A subgroup analysis of small-for-gestational-age (SGA) infants from the original NICHD trial was performed to test the hypothesis that in infants requiring early respiratory support, vitamin A supplementation decreases the relative risk of BPD or death in premature SGA infants to a greater extent than in gestational age–equivalent vitamin A–treated appropriate-for-gestational-age (AGA) infants.
Although vitamin A supplementation significantly increased serum retinol concentrations in AGA ELBW infants (median [5th percentile, 95th percentile]: 16.3 [−7.0, 68.8] versus 2.4 [−13.9, 55.1]; p < 0.001), no increases were noted in SGA ELBW infants.
Given the limited power of this analysis due to a low number of SGA infants, these data did not provide evidence to support the hypothesis that vitamin A supplementation in preterm SGA infants requiring early respiratory support decreases the relative risk of BPD or death as compared with preterm AGA infants.
Infants who are exposed to calorie-restricted environments prenatally often experience intrauterine growth restriction (IUGR) and are at risk of developing significant metabolic alterations of critical organs such as brain, liver, cardiac muscle, and lungs.1 Contrary to conventional wisdom, IUGR fetal stress causes delayed lung maturation2 with affected infants showing abnormalities in alveolar formation. Premature infants born small for gestational age (SGA; a frequent hallmark of IUGR) have additional caloric limitations extending into the early postnatal period and are at increased risk of developing pulmonary sequelae such as respiratory distress syndrome and bronchopulmonary dysplasia (BPD).1 As these infants grow, they often develop more wheezing and respiratory infections as compared with very low-birth-weight infants who are appropriate for gestational age (AGA).3 Diminished airway function in these infants may persist into adulthood, suggesting the possibility that adverse events during “fetal programming” result in lifelong respiratory compromise.3
Two postulated mechanisms linking IUGR to BPD include systemic fetal inflammatory response due to underlying chronic hypoxia or delayed metabolic adaptation with lack of essential micronutrients (e.g., vitamin A) necessary for optimal organogenesis. A previous report from the Eunice Kennedy Shriver National Institute of Child Health and Human Development (NICHD) Neonatal Research Network clinical trial demonstrated that intramuscular injection of 5,000 IU vitamin A (retinoic acid) three times per week for 4 weeks reduced biochemical evidence of vitamin A deficiency and decreased the risk of chronic lung disease in extremely low-birth-weight (ELBW) infants requiring early respiratory support. 4 Although there were no differences in mortality, the primary outcome—death or chronic lung disease at 36 weeks postmenstrual age—occurred in significantly fewer infants in the vitamin A group than in controls (55% versus 62%; relative risk, 0.89, 95% confidence interval, 0.80 to 0.99). Overall, for every 14 to 15 infants who received vitamin A, one additional infant survived without chronic lung disease. Furthermore, no increases in mortality or neurodevelopmental impairment were associated with the reduction of BPD at 18 to 22 months’ follow-up.5 Although the study population included approximately 15% SGA infants, further data analysis has not been performed to determine the extent of this improvement within the premature SGA/IUGR infant subgroup alone. The question of whether vitamin A supplementation preferentially improves pulmonary outcomes in ELBW infants who are SGA thus remains unanswered.

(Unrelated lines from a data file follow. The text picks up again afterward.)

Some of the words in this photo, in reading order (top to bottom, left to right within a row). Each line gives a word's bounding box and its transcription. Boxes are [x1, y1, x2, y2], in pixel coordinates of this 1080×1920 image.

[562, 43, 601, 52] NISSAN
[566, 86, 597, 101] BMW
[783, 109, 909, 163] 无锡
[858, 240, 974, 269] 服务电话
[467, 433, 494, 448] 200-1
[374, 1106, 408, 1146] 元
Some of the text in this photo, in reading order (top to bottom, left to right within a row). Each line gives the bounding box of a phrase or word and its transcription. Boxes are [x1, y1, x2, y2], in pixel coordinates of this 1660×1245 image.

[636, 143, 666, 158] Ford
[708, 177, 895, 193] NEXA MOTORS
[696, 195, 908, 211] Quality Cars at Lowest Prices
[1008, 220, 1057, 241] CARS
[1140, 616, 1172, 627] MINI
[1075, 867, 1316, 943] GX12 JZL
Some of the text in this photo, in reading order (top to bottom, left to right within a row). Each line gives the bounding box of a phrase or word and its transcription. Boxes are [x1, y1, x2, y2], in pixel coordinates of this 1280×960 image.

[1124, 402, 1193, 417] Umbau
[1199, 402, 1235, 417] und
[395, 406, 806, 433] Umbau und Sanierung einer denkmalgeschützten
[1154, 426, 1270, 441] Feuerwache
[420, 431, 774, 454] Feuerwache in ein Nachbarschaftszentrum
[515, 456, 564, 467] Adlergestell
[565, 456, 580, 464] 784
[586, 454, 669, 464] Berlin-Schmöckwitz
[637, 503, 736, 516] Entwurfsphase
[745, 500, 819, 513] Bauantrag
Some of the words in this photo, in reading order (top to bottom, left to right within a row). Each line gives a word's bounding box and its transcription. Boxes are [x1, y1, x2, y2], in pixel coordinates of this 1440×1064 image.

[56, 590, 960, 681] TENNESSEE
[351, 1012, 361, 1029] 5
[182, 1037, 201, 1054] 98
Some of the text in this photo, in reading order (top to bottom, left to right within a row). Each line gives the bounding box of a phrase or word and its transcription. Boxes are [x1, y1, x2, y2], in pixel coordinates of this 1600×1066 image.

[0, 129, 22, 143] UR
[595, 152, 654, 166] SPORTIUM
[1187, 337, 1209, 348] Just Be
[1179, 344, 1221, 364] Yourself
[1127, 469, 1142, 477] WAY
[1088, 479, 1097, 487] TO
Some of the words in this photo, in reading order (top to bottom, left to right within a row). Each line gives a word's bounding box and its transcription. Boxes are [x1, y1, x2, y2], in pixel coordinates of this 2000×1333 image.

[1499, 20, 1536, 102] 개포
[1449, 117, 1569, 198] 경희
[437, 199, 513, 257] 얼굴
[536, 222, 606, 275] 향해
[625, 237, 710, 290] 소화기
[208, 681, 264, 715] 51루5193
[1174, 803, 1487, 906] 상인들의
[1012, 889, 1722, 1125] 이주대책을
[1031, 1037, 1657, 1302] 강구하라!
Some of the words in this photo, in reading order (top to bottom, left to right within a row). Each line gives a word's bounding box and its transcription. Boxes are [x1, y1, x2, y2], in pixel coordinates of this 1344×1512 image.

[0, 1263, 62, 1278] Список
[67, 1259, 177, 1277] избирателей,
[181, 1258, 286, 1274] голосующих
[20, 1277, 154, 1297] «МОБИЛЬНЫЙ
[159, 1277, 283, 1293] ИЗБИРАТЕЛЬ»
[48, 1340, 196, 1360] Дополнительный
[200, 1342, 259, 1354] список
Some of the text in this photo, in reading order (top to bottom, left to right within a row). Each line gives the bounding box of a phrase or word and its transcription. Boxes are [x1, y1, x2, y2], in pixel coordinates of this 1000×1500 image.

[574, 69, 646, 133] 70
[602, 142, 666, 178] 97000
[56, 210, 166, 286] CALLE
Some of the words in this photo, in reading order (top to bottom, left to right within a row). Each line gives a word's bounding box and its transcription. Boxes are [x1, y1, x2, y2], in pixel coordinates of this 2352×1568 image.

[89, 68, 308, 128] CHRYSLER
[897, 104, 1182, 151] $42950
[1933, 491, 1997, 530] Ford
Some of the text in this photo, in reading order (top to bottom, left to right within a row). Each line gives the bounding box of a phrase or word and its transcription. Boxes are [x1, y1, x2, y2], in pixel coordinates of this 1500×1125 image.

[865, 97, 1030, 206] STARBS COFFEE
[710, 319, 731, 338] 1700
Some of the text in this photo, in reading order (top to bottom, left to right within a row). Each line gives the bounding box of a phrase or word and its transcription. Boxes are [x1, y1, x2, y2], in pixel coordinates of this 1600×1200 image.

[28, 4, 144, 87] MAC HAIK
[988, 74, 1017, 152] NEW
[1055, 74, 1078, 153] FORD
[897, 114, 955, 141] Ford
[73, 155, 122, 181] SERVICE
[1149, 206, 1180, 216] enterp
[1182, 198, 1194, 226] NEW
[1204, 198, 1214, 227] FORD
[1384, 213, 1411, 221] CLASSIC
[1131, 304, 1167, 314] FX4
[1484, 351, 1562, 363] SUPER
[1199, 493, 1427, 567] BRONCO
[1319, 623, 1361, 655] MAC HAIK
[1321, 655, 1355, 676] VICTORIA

The purpose of the current subgroup analysis was to test the hypothesis that in infants requiring early respiratory support, vitamin A supplementation decreases the relative risk of BPD or death in premature SGA infants to a greater extent than in gestational age–equivalent vitamin A–treated AGA infants. This premise is based on the possibility that the slight improvement in risk of developing BPD observed among ELBW infants in the original study (prevention of BPD in 1 of every 14 to 15 infants treated) may represent a diluted effect. A separate analysis of each subgroup (SGA versus AGA) could thus reveal a greater effect of vitamin A intervention in SGA ELBW infants and lead to amore targeted strategy for vitamin A supplementation to prevent BPD in this population.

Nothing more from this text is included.